Fig. 1
First you must procure your boat; but if you should wish to make the boat yourself you will need no instructions from me, as several capital chapters on [boat-building] appear in another part of this volume. The only directions I need give are, that your craft shall be very light, and hollowed out as thin as possible, be twenty-four inches long, four inches wide at midships, and three and a half inches deep; the sternpost to be about an inch and a half within the stern, to be raking, and two and a half inches high, as marked in [Fig. 1]; a strip of lead one-eighth of an inch thick to be fastened along the bottom of the keel; the bows to be sharp, and the boat to have a clean run aft. When the boat is finished paint it, and when dry put it into water, and mark on the sternpost the height the water comes. Now you must bore a hole in the sternpost right through into the boat, in the direction of the top of the stem. This must be done with a red-hot wire; the hole is to be three-eighths of an inch across.
Fig. 2
The next thing to do is to get a brass tube from the gasfitter’s, or get a tinman to make you one of tin three-eighths of an inch inside measurement. This tube must be long enough to reach from the sternpost to three and a half inches beyond the top of the stem. Four inches from one end of this tube solder a strip half an inch wide and one and three-quarter inches along, bending the middle of it half round the tube, and bending the ends outwards; punch a hole in each end of this strip; in this end of the tube cut four teeth like saw-teeth, one-eighth of an inch deep, like [Fig. 2]. Put this tube in the boat thus. Push the end, without the tin strip, through the hole in the sternpost from the inside of the boat, so that the tube is flush with the wood, and fasten the other end by driving tacks through the holes in the tin strip into the boat. Put some putty round the tube where it goes through the wood, to keep the water out. Now make the deck of board one-eighth of an inch thick, plane it, and fix it in its place by pins, leaving a gunwale of half an inch all round. Stop up with putty, and mark with a pencil the boards on the deck. Bore a hole near the stern one-sixteenth of an inch wide right through the deck and boat, coming out under the counter one inch from the sternpost. This is the rudder-hole. To make the rudder get a piece of brass wire one-sixteenth of an inch in diameter, and six inches long; cut your rudder out of tin, and solder it on to the wire, so that the heel of the rudder is flush with one end of the wire. Now push the other end up through the hole in the counter, and bend it down on to the deck; this will form the tiller, and, by pressing tightly on to the deck, will keep the rudder firm and in its place for steering.

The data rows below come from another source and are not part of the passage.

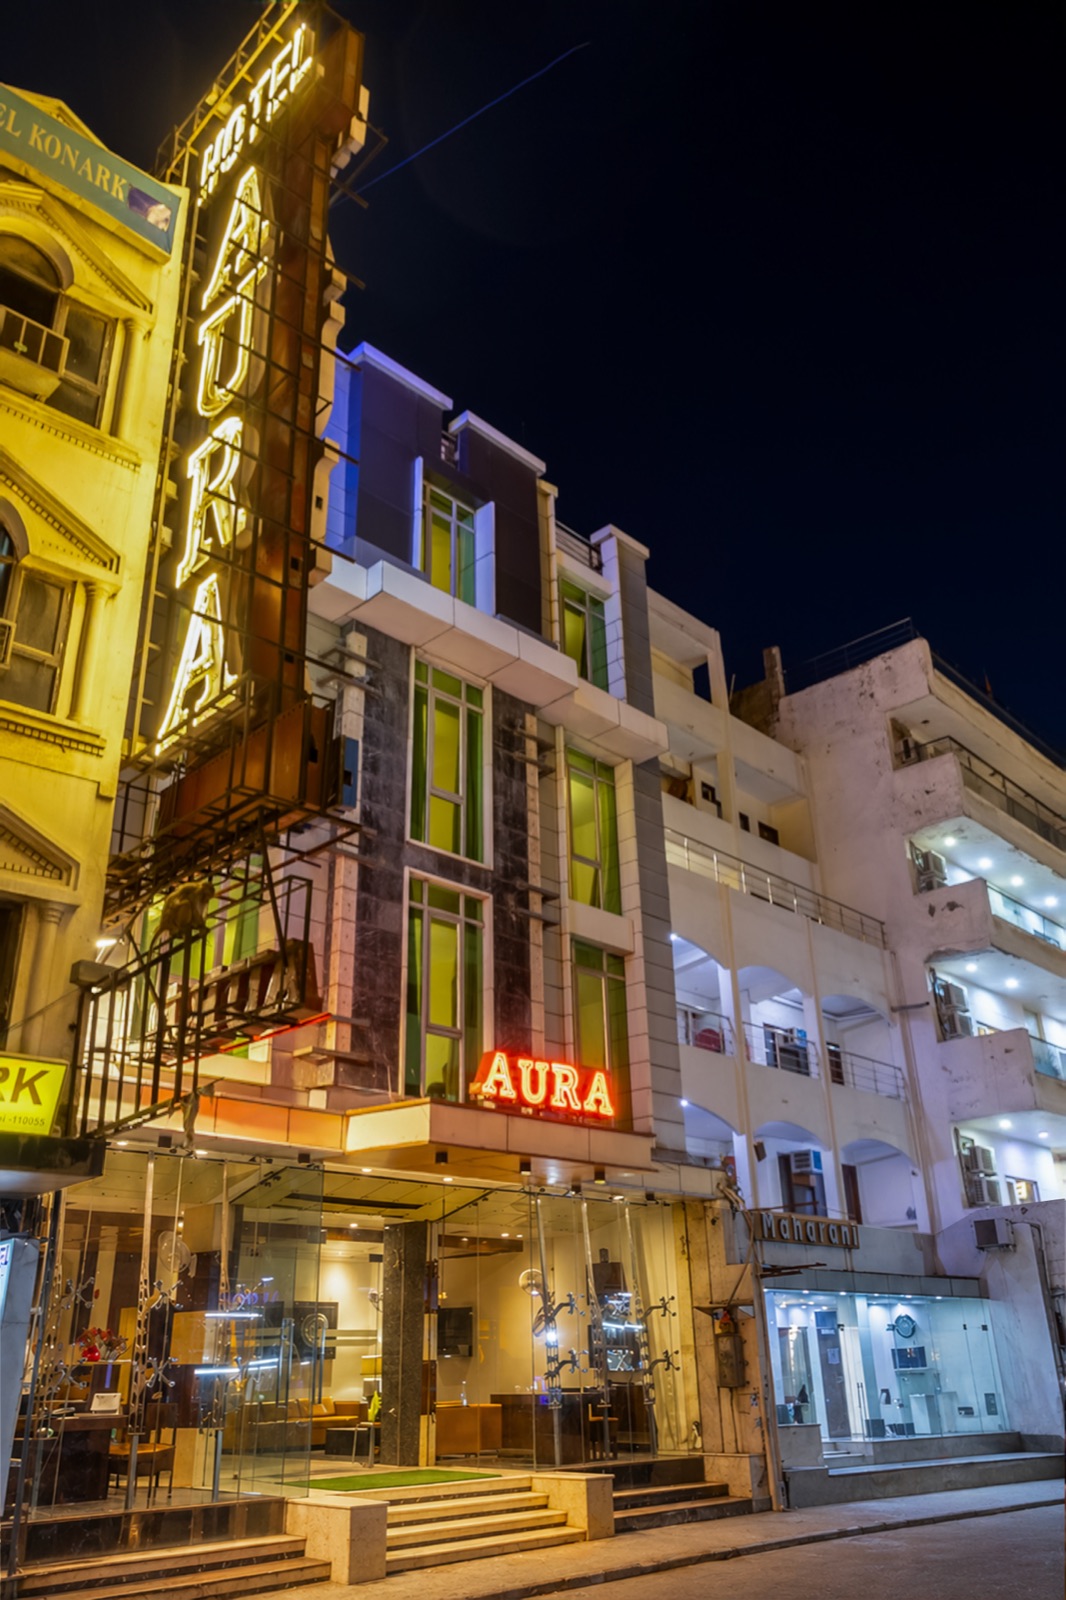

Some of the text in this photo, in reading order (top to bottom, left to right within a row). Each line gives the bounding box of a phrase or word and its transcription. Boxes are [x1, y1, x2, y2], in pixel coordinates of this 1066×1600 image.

[196, 22, 313, 207] HOTEL
[28, 123, 128, 202] KONARK
[154, 165, 270, 757] AURA
[481, 1051, 615, 1117] AURA
[762, 1211, 858, 1247] Maharani
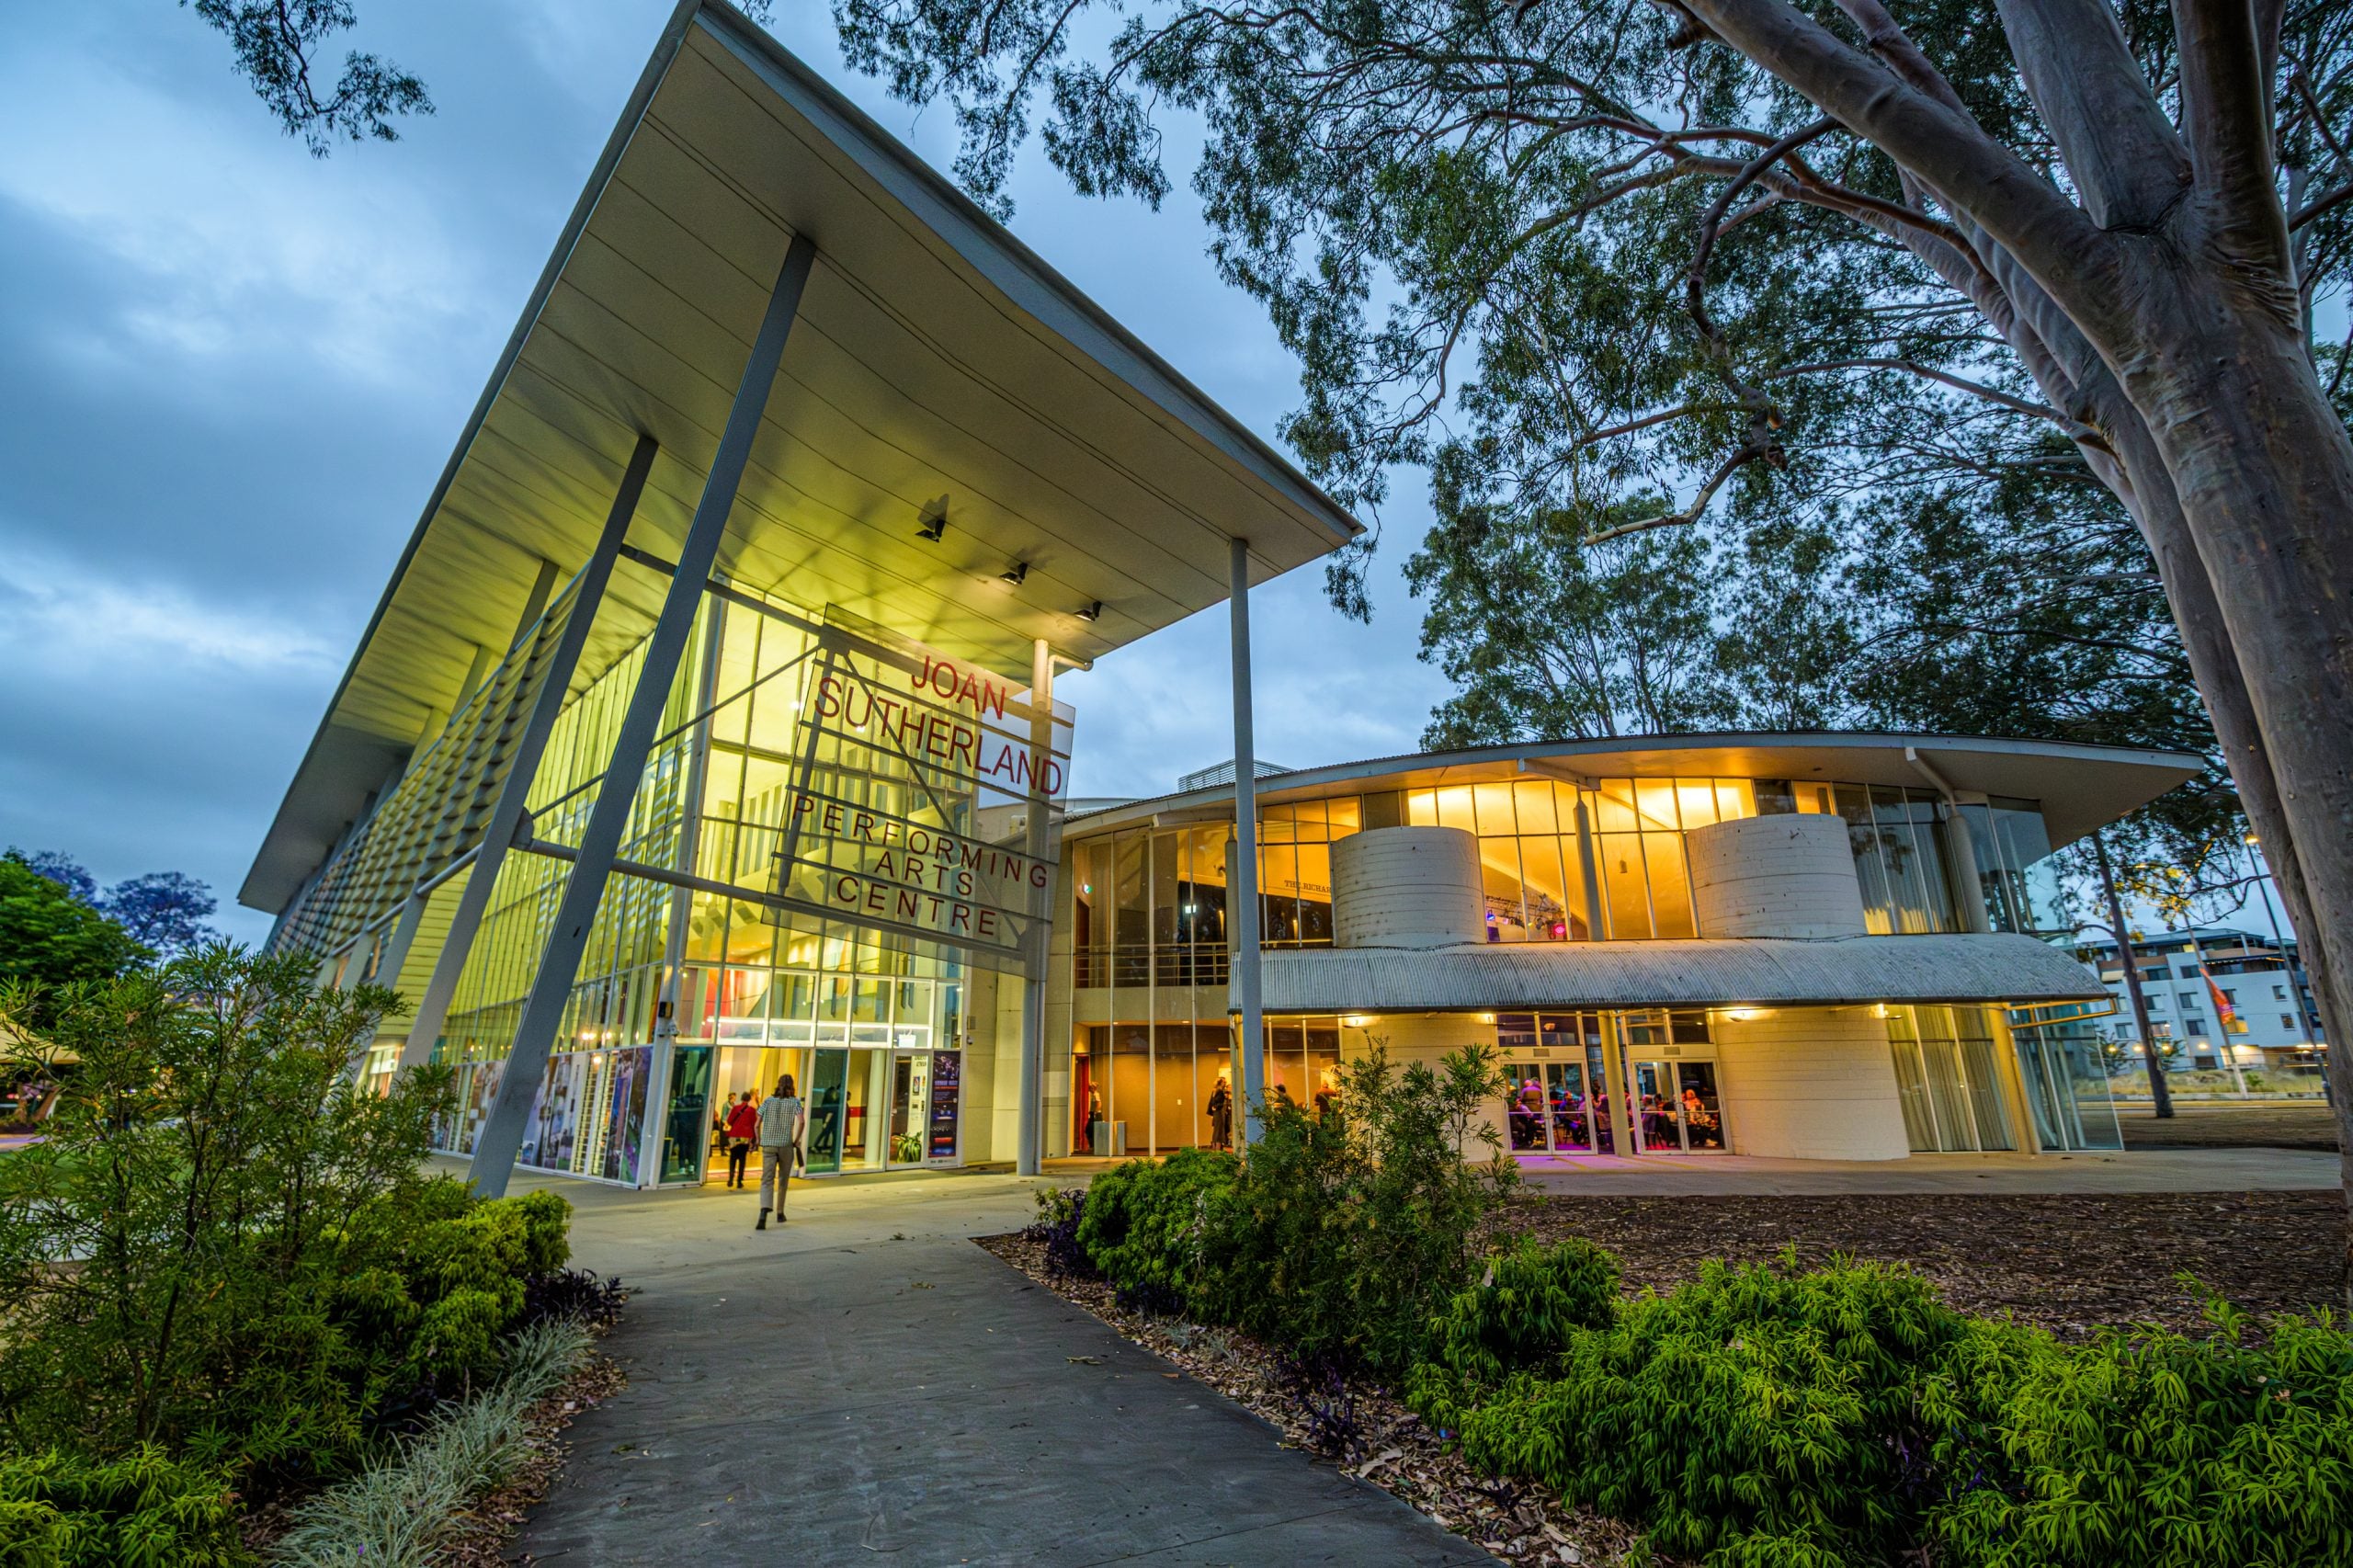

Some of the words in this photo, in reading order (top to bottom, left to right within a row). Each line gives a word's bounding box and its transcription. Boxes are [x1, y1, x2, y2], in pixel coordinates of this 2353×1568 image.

[912, 654, 1006, 721] JOAN
[814, 676, 1062, 796] SUTHERLAND
[792, 795, 1048, 889] PERFORMING
[874, 851, 973, 896] ARTS
[836, 876, 996, 936] CENTRE

Two inches abaft the middle of the deck cut a hole three-quarters of an inch in diameter for the chimney, which is a tube of tin three-quarters of an inch in diameter and four inches long. Bore two more holes in the deck three-eighths of an inch in diameter, one halfway between the stem and chimney, the other halfway between the rudder and chimney; these are for the masts, which are made of wood, and should stand about nine inches above deck; put a pin into the end of each mast, and cut the head off, leaving about half an inch of the pin projecting; put the masts in their places, and the pins will keep them firm by being pushed into the bottom of the boat.